Categories: Global

Zelensky Warns of Catastrophic Ukraine Harvest as World Faces Food Crisis

Volodymyr Zelensky has warned that Ukraine’s harvest could be halved by Russia’s invasion in a move that threatens to trigger a global food crisis.

The Ukrainian president warned of a catastrophic impact on this year’s harvest in the “breadbasket of Europe” but insisted the country was finding a way for grains to be delivered alternatively.

It came as John Rich, chairman of MHP, Ukraine’s largest agricultural produce company, said that a push by Ukrainian forces in the south of the country – and an associated uptick in hostilities – could hit the rebuilding of ports and surrounding roads that are crucial to restarting grain exports.

The blockade of Ukrainian ports by Vladimir Putin’s war machine has cut off the wheat, corn, and sunflower seed giant and hampered production, leading to global food shortages and price rises.

Mr. Zelensky said in a tweet on Sunday that the Ukrainian harvest threatens to be “twice” as small as normal.

He said: “Our main goal — to prevent [a] global food crisis caused by [the] Russian invasion. Still, grains find a way to be delivered alternatively.”

Ukraine’s president said on Friday that grain shipments were ready and waiting since an UN-led pact between Ukraine and Russia was signed last month to resume exports for the first time since the outbreak of war.

But Mr. Rich, an Australian executive and agribusiness adviser for the World Bank, said that MHP would employ a “wait and see” approach and stockpile produce.

He said: “I am the world’s greatest optimist. But in this case, reality tells me this is not going to be an easy task. The spirit is thereby the Ukrainian government to try and get all this grain out. Everybody is trying to do their best. But you only can do it within the physical limitations.

“First of all, the ports have to be repaired. Secondly, we have road infrastructure to the ports that have to be repaired. Thirdly, we have to have those ports de-mined.”

Often referred to as “the breadbasket of Europe”, Ukraine accounts for 12pc of global wheat exports, 16pc of corn, and 18pc of barley. Its exports were enough to feed up to 400m people globally before the war broke out.

Mr. Rich agreed with Mr. Zelensky that Ukraine’s grain output will be severely impacted. He estimated that the wheat harvest will be 20-21m tons compared to up to 40m last year while corn production will fall from 38m tons to 27m. Sunflower seed output will drop 8m tons to 9m, added Mr. Rich.

He said: “The next month will make the real situation clearer. But we must be cognizant of the fog of war being raged in the south where these ports are in the vicinity of the Ukraine counter attacks using the latest western ordinance and weaponry.”

Western military sources say that a Ukrainian counter-offense in regions in the south of the country such as Kherson is “gathering pace” as forces using the US-supplied long-range rockets to cut it off from the rest of Russian-occupied territories.

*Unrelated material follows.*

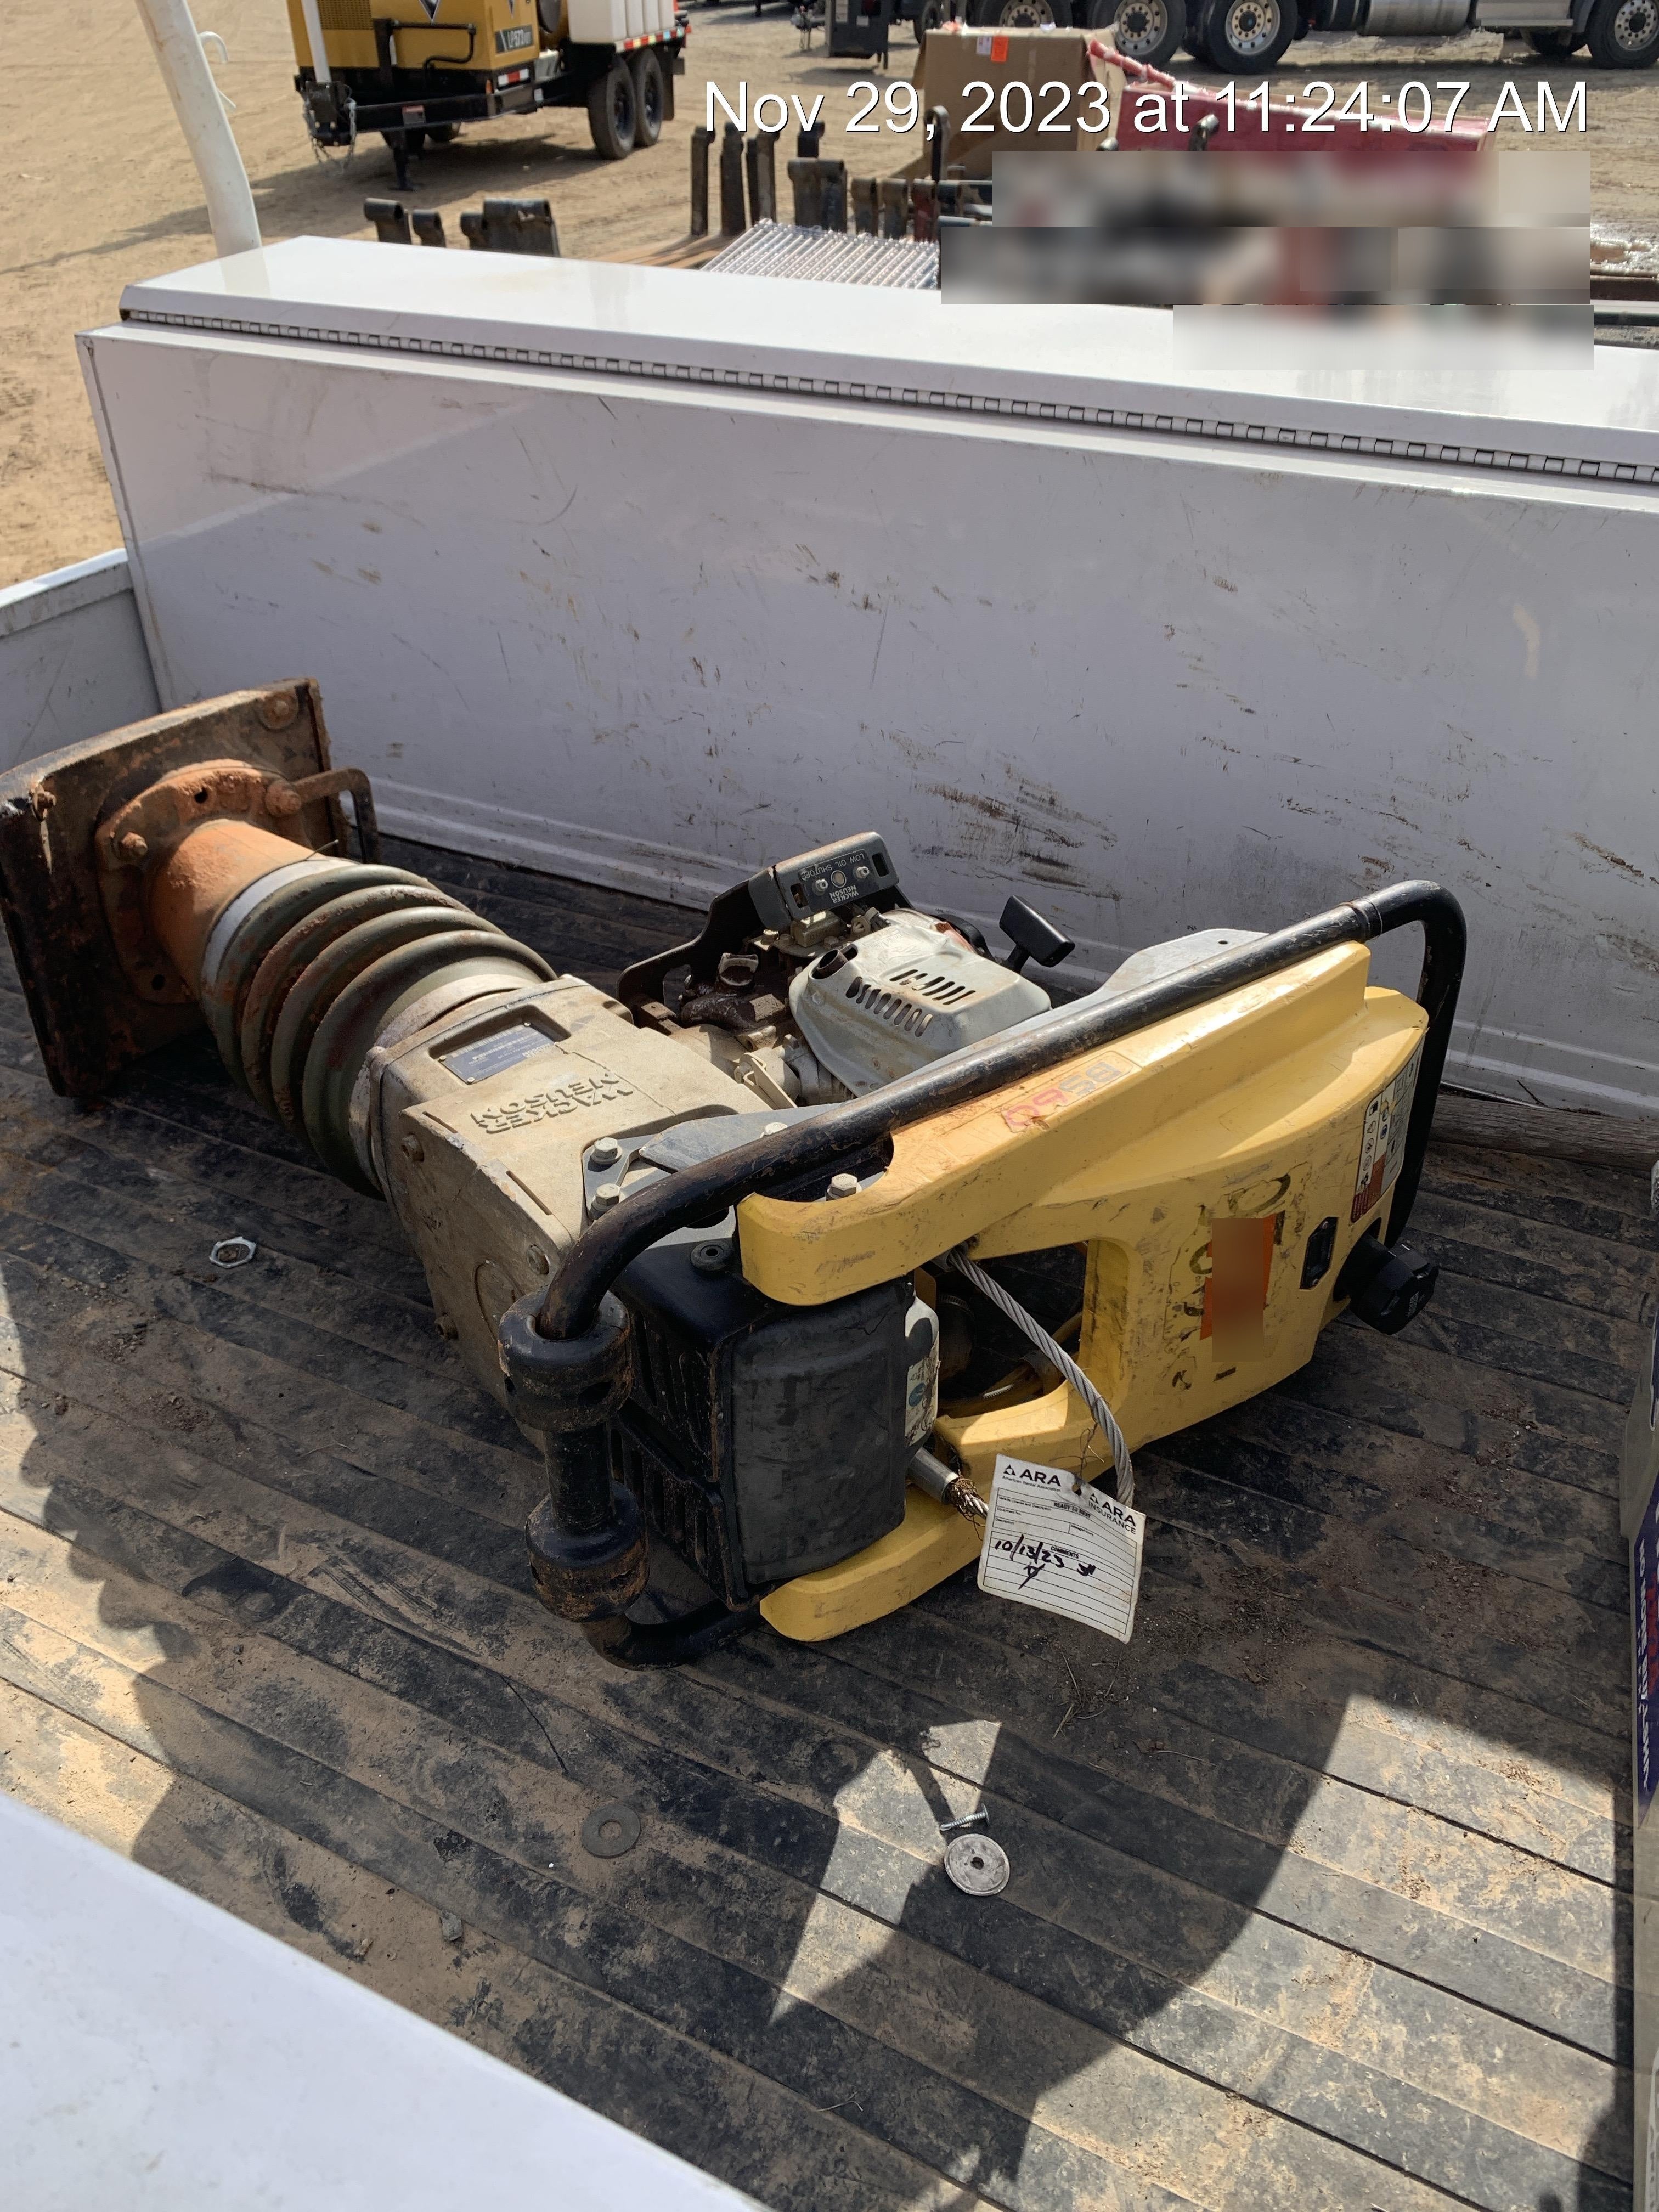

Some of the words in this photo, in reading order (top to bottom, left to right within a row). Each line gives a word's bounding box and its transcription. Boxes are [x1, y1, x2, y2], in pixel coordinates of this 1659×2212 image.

The military efforts will likely define whether grain exports can go ahead in any meaningful way, Mr. Rich said.

“It very much depends on the course of the war. And we all know that that particular region is going to be quite hot [militarily] because Ukrainian forces are in a much better position right now to start reclaiming land from that region,” he said.

“If it is going to be hotter, militarily, in an area, we could really encounter significant difficulties in relation to the export of that grain.

“Right now, it appears that the advance by Russian military forces has been halted and we see counter-attacks. And this [is] heavily focused on the southern regions [of Ukraine], which is where the ports are.

He added that companies trying to export grains were now storing it rather than attempting distribution.

He said: “The right strategy for companies such as ourselves is to store, sit and wait. And see if the system starts to work.”

Meanwhile, Mr. Rich was skeptical about comments made by Lloyd’s of London chief executive last week that the insurance market would underwrite the dangerous sea transit of millions of tons of grain across mine-laden waters.

John Neal said on Wednesday: “The cover is literally being put in place today.” Premiums would be 15-20pc higher and would not need government guarantees, he added.

But Mr. Rich said: “Nobody is quoting war premiums [to us].

“I believe that insurance companies will need some kind of guarantee from governments to get this [grain] out.”

The MHP executive said that insurance for transporting grain via river channels was “extremely expensive”.

“Under normal circumstances, there would be no war premium. Normal insurance is in the order of $50,000 to $80,000. On top of that when the war broke out, we had to pay a war premium. And that varied between $250,000 to $450,000 on most [river] shipments.”

“The point is that right now there is a lot of talk, but it hasn’t happened.”